Published March 27, 2008 12:40 am - When Adam Holman was growing up in the late 1940s and the early and mid-1950s in rural southeastern Missouri, opportunities for young African Americans in a lot of areas, including athletics, were difficult to come by.
ACBF HOF Class of 2008: Holman blazed a trail
Adam Holman migrated from prejudice-strafed South and made a life for him and his family in Ashtabula
KARL PEARSON
Star Beacon
When Adam Holman was growing up in the late 1940s and the early and mid-1950s in rural southeastern Missouri, opportunities for young African Americans in a lot of areas, including athletics, were difficult to come by.
Holman felt the scourge of prejudice and segregation. In fact, as a result of the Supreme Court’s landmark decision in 1954 that ended the policy of separate, but equal schools in Brown vs. Topeka (Kan.) Board of Education, he was placed at the forefront of history in his community as one of seven black students be a part of integration at Charleston High School near his home in Wyatt, Mo.
At least in part because of his experiences as a high school student in such trying times in our nation’s history, and moving to Ashtabula after his graduation from Lincoln University, Holman gradually gravitated into a career as an educator himself. Even before he began teaching in the Ashtabula Area City Schools in 1967, he was working as an official for youth basketball.
Once he got into teaching at West Junior High and Ashtabula High School, Holman really dove into helping children. He spent most of his career coaching junior high boys basketball, but even served a brief stint as girls varsity basketball coach and an assistant at the high school with freshman and junior varsity boys. Even after his retirement from teaching in 2002, he spent time as a volunteer for the Lakeside High School boys program.
Even more important, though, was the nearly two decades he spent as Ashtabula High School athletic director. He made sure that not only students from Ashtabula High School and adults who used it for city recreation basketball had access to the fine court at Ball Gymnasium, but that it was utilized by high school players from throughout the area as a site for many years for sectional basketball tournaments.
It also served as the home for the Star Beacon Senior Classic from its inception in the late 1970s until it moved to the facilities at the new Lakeside High School in 2007. Had Holman not been willing to make Ball Gymnasium available at no charge, there might never have been such an event.

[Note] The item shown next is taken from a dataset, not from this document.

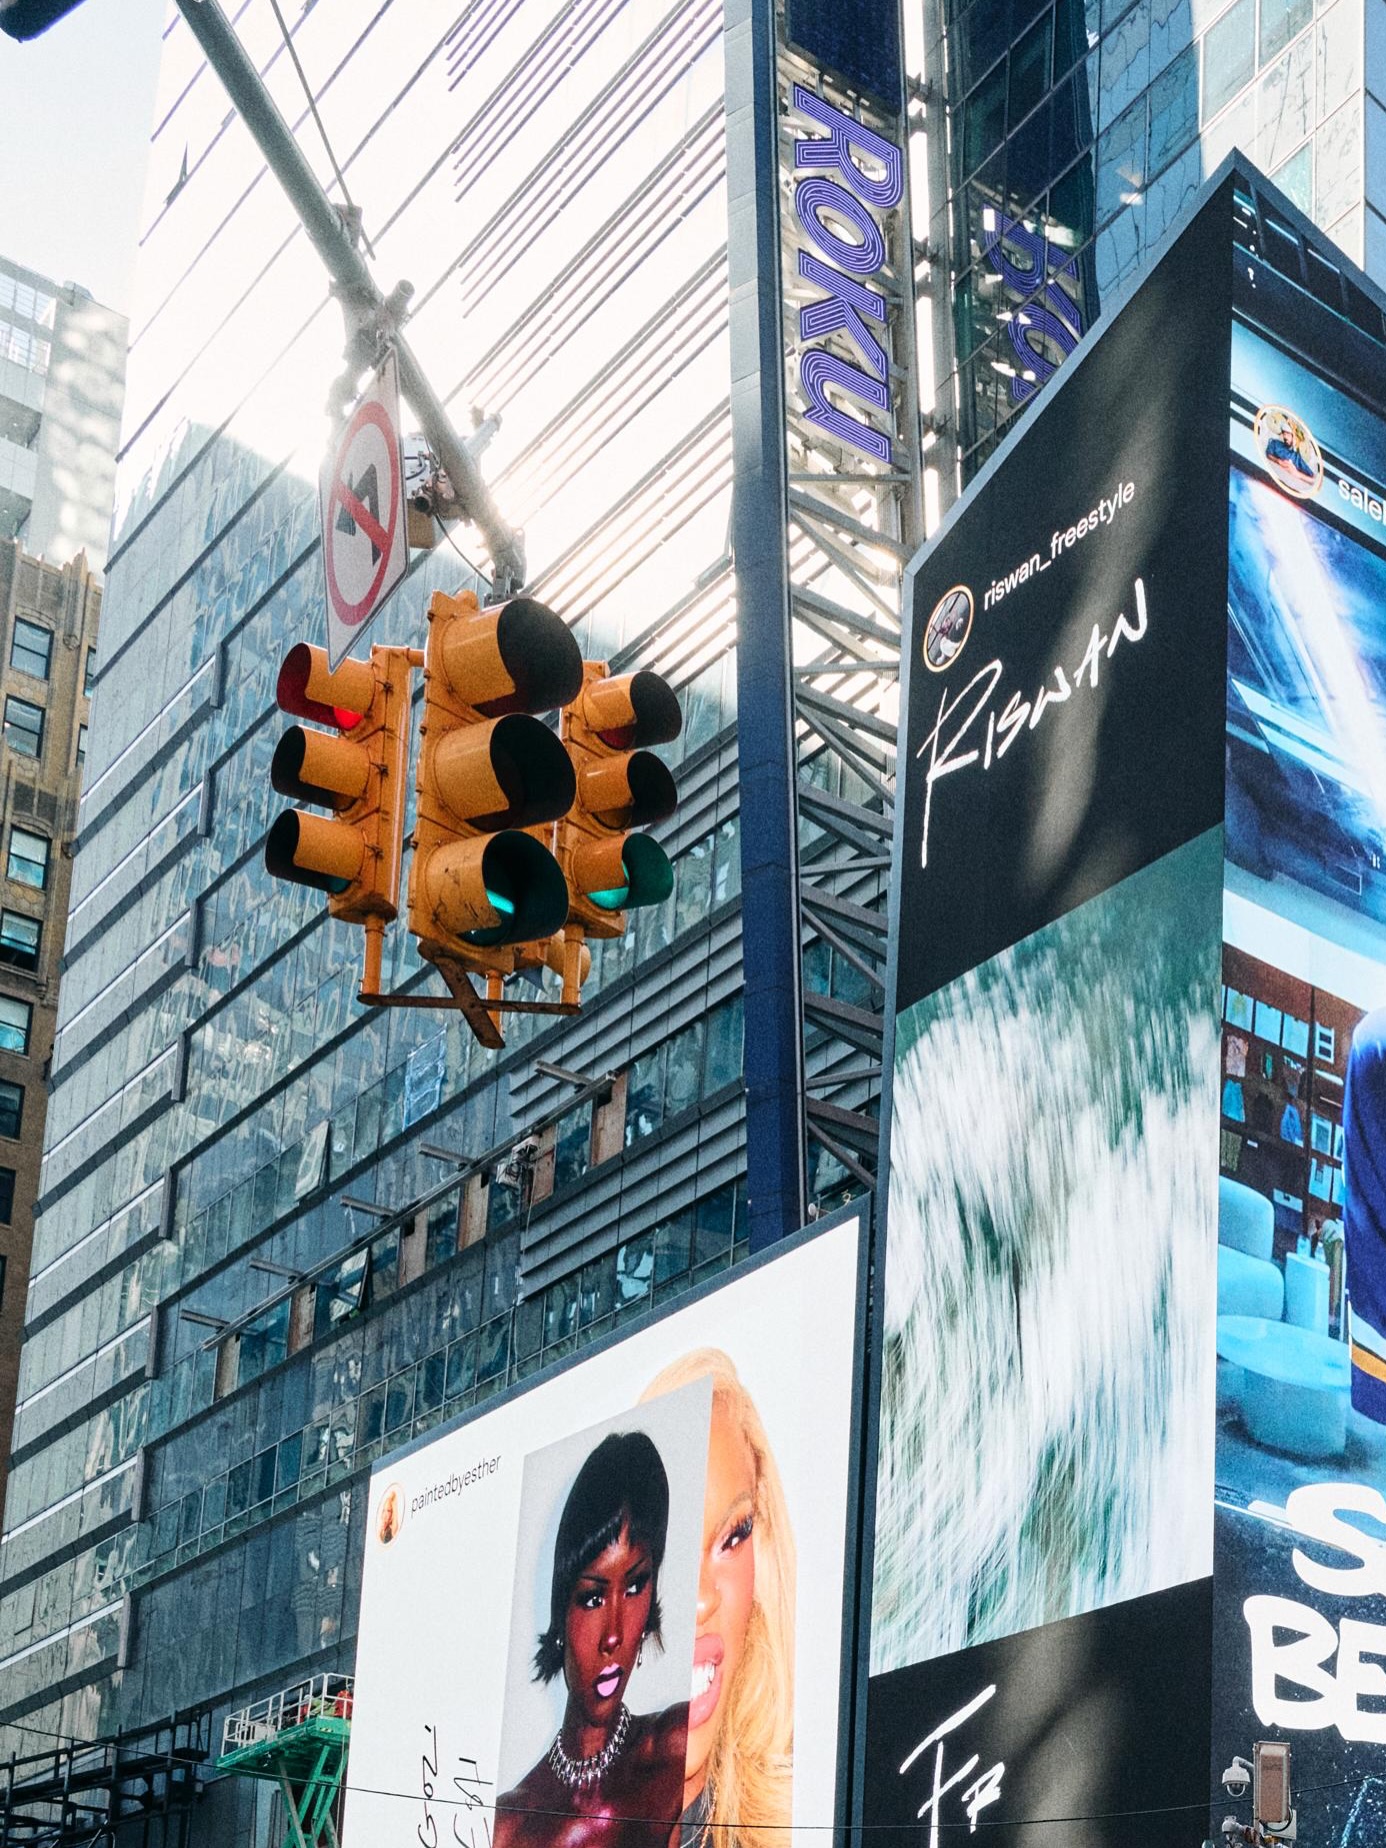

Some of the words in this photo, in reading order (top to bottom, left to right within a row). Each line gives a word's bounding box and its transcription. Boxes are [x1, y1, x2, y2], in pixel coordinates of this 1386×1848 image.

[794, 83, 903, 463] ROKU
[983, 480, 1135, 611] riswan_freestyle
[410, 1455, 502, 1519] paintedbyesther

Even now, at age 72, Holman keeps plugging away, trying to give guidance to Ashtabula’s young people. He still takes time for substitute teaching. He still can be found driving around town, delivering job applications for one person, giving a wave and a cheery greeting to nearly everyone he meets and even wagging a finger of warning and giving a stern look to someone he feels is heading for trouble.
“My life has been dedicated to helping young people have good lifetime experiences,” he said. “A lot of people have called me their father (even though he has two children of his own). I take that seriously.”
All those factors are reasons why Holman has been selected into the 2008 class of the Ashtabula County Basketball Foundation Hall of Fame. He will be inducted April 6.
“I feel great about going into the hall of fame,” he said. “I’ve read and discussed many of the people who have gone into it, and I’m proud to be a part of it with them.”
Those that know Holman say he indeed takes helping young people seriously. Even those he may have occasionally locked horns with have ultimately come to respect and understand his stances. They know he has had the best interests of area children at heart.
“Adam and I had occasion to work with each other a lot because we were both working in the same school system,” retired Harbor coach and athletic director Ed Armstrong, who will join him in the ACBF Hall of Fame this year, said. “At the same time, we realized that we were trying to do what was best for the kids at our own schools.
“I think Adam and I had a good working relationship over the years. I know he was dedicated to working with kids. I think any of us who have been in athletics understand that. He did a great job for kids.”
Don Cannell had the chance to work with Holman in his capacity as athletic director at St. John. He developed an abiding respect for Holman, too.
“Adam has always been first class,” he said. “He’s just a great person. We always got along very well.